The topic of biofuels is not always my favorite to talk about. It is complex, it is a very grey area when it comes to benefits versus drawbacks.

Yet overall as someone who supports social justice, sustainability, human rights, and cleaning up the mess we have made of the world, I welcome the era of biofuels that we seem to be at the beginning of.

Among the great points of the big debate is the issue of world hunger and the price of food. As many of you will know by now, there is a great deal of speculation and already some evidence that food prices will go up because so much food is being turned into fuel. Many critics say, this is the problem if we make the global focus bio fuels.

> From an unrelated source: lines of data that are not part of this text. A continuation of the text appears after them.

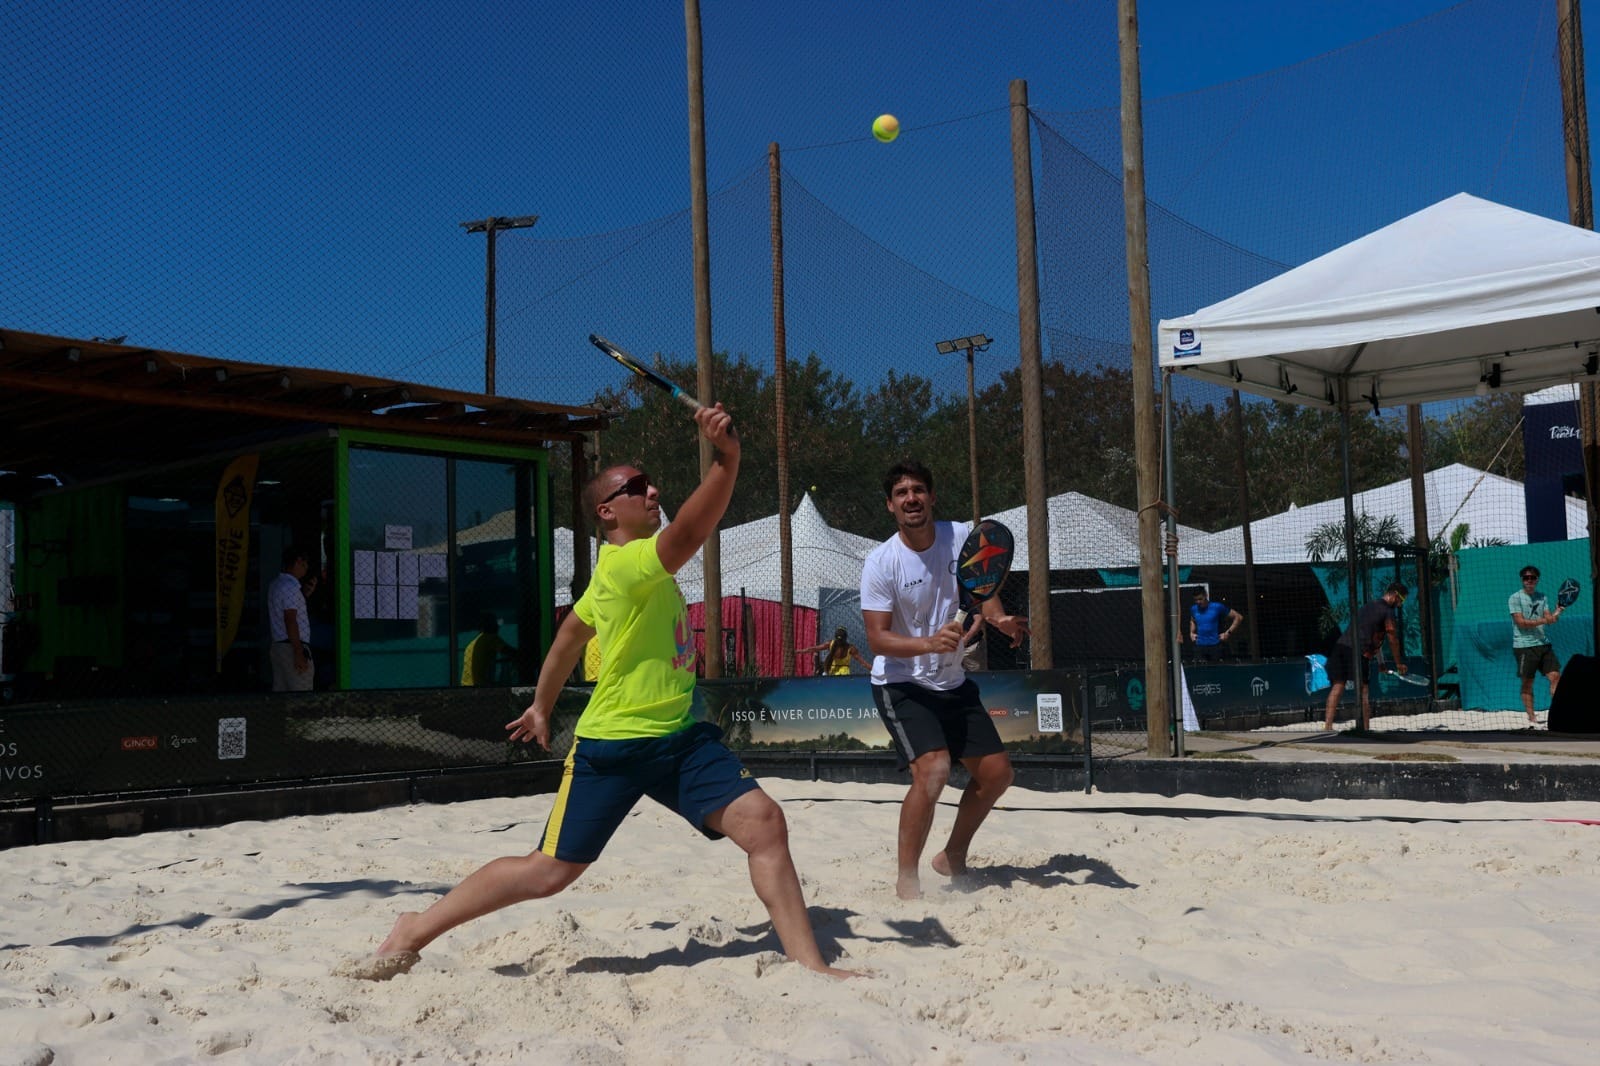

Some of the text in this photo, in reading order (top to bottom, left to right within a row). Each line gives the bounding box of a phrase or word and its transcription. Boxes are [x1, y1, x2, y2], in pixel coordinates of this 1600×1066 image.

[223, 529, 244, 581] MOVE
[731, 710, 756, 722] ISSO
[760, 707, 766, 721] É
[770, 709, 804, 721] VIVER
[807, 708, 853, 720] CIDADE

The initial issue I have with this argument is the idea that world hunger will worsen and that food prices will increase. It is a fact that IF the leaders of the world wanted to, there is enough food in the world to feed everyone. But when you introduce the politics and economics of food production, that food never reaches the hungry. So this is already a problem no matter what we’re using to fuel vehicles.

Then comes the issue of rising food prices, a much tougher one for me get into since I’m neither a farmer nor can I see the future in terms of prices. I do however believe that governments could cooperate to make sure prices would not get out of control. Again it requires that they WANT TO solve the problem, and based on history it is clear that ending hunger is NOT the priority of world leaders.

Of course there’s alot more to it and I hope to build on this discussion through both writing and podcasts. For now I want to recommend the latest edition of The State We’re In; specifically a conversation they have with a Brazilian farmer that, for me, is very interesting and informative.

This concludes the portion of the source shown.